Two programs that help fund lead poisoning prevention have gotten whacked far more than the caps themselves required, as the Coalition on Human Needs reports. One is now worth 28.6% less in real dollars than the year before Congress set the caps. The other, focused specifically on children has lost 55.6%.

What will happen for the upcoming fiscal year is anybody’s guess, since neither the House nor Senate has even set spending targets for the subcommittees that develop program-specific budget proposals.

What Congress Could Do Now

Congress doesn’t have to wait until Republican leaders resolve conflicts and the subcommittees do their work. It could act swiftly to channel some money to Flint and other communities with lead in their water. Because others there are, though we don’t know how many.

A bill awaiting action in the Senate (how often do I have to write this?) would provide $170 million to support urgently needed water infrastructure improvements, plus $17.5 million to monitor lead exposure and alert the public if excessive levels are found.

An additional $30 million would supplement funding for three programs to help prevent toxic lead exposure, with a special focus on pregnant women, mothers and their children.

The money wouldn’t restore what the two I mentioned have lost since 2010. Nor the third, which funds health-related screenings as one of many services for low-income pregnant women, babies and their mothers.

But “Congress has a lot of catching up to do,” as CHN’s monthly report says. So one can hope — if one’s still capable of that these days — that more Senators will sign on to the bill and press Majority Leader Mitch McConnell for a vote.

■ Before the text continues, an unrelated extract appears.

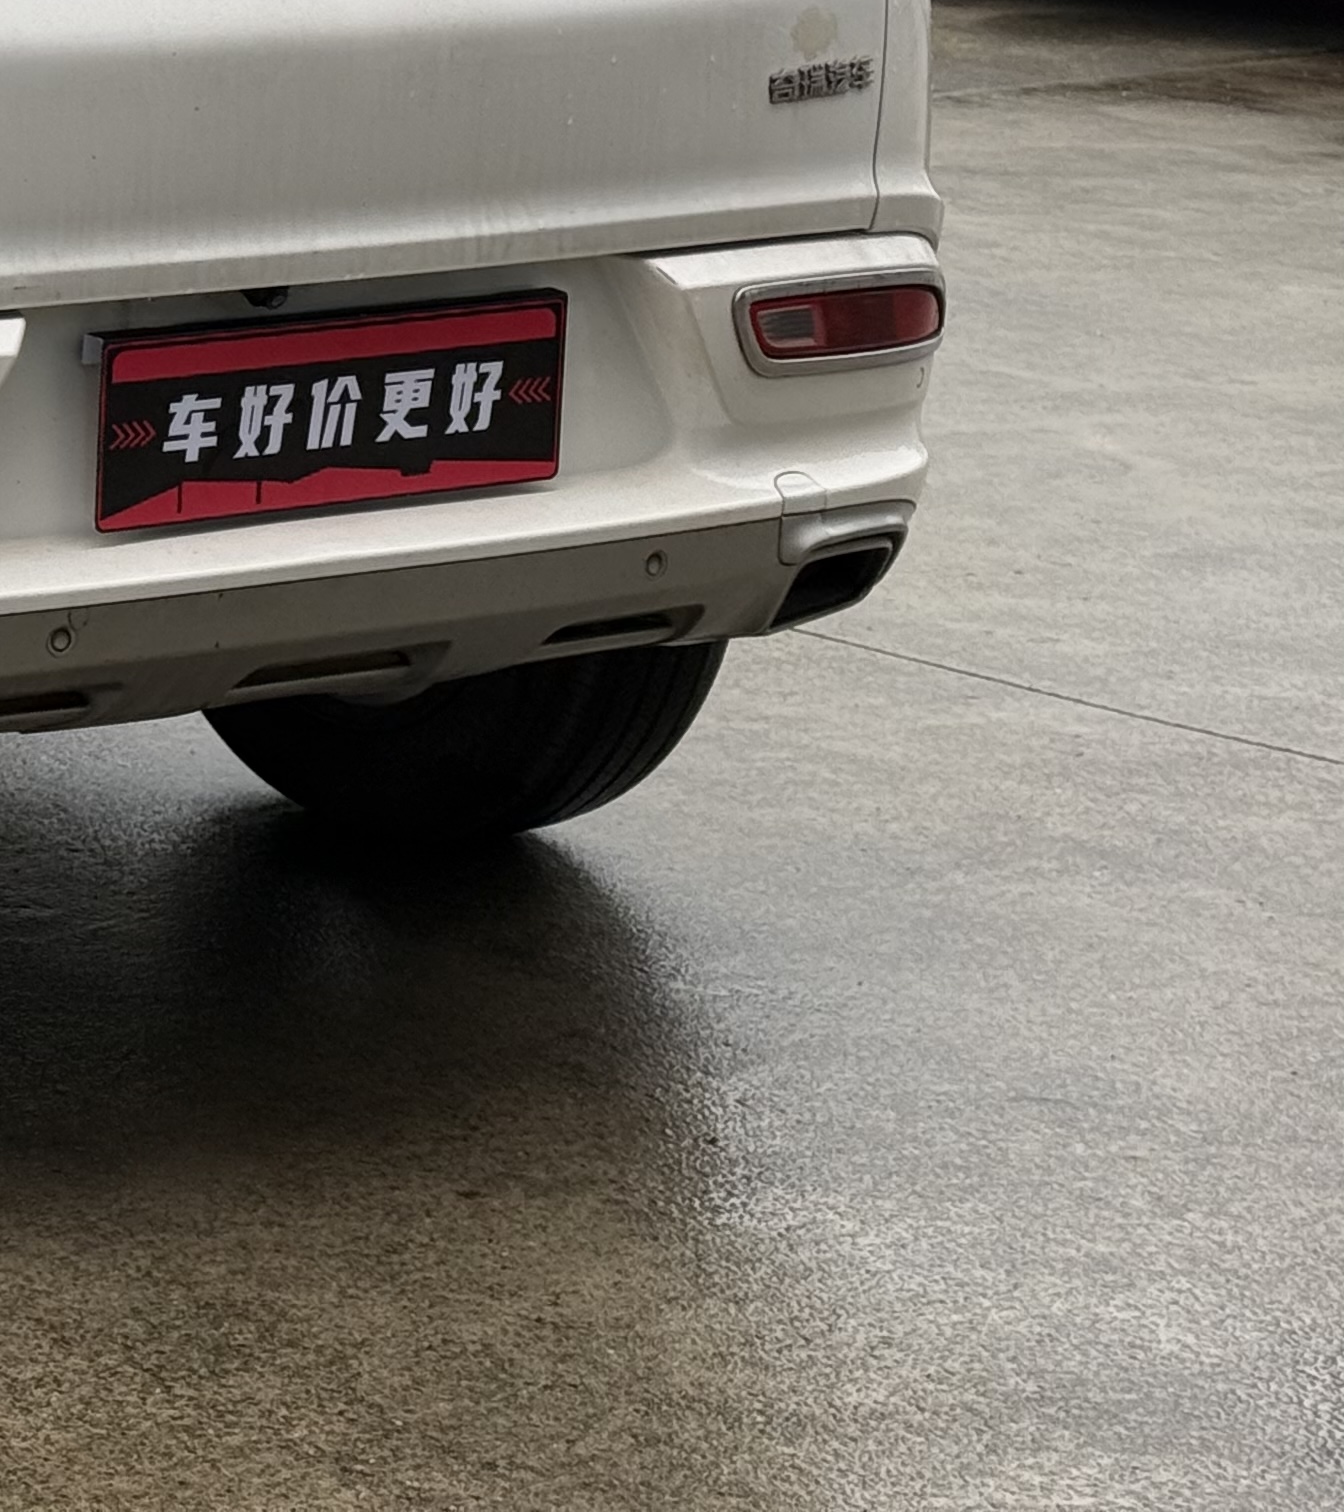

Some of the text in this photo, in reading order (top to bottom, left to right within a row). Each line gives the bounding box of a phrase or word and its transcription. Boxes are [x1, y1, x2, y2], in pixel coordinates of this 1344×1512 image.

[161, 360, 505, 463] 车好价更好

Meanwhile, Democrats in both the House and Senate have introduced bills that would require HUD to use CDC’s blood lead level maximum as its trigger for intervention.

They would also require HUD to strengthen its risk assessment standards, which now permit just a look around the place and altogether exempt efficiency units, even if small children live there — or will.

And they’d require HUD to make it possible for a family with a young child in a subsidized housing unit to move immediately if a lead hazard is found — and the hazard has already put the child at high risk. Why HUD wouldn’t have to swift children with less lead in their blood to safety I don’t know.

HUD may have to update its rules anyway. The Shriver Center, the Health Justice Project at Loyola University Chicago and nearly 30 allies have filed a petition calling on the agency to do so. Their proposals generally resemble what the House and Senate bills mandate, but they spell it all out and add some pieces.

What We Can Do

Advocates have created opportunities for concerned individuals to support both the pending Senate bill and the rulemaking petition.

Those of you with Senators can fire off emails urging them to get on board with the bill and press for a vote. And everybody, even disenfranchised District of Columbia residents, can sign the petition to HUD.

You know that all the brouhaha about Flint and lead poisoned children will die down, as such things always do. Even friendly Congress members will turn their attention elsewhere. HUD will surely be distracted by agency leadership changes — no matter how the Presidential race nets out.

So we need to do what we can now to get as much done as feasibly can be done now.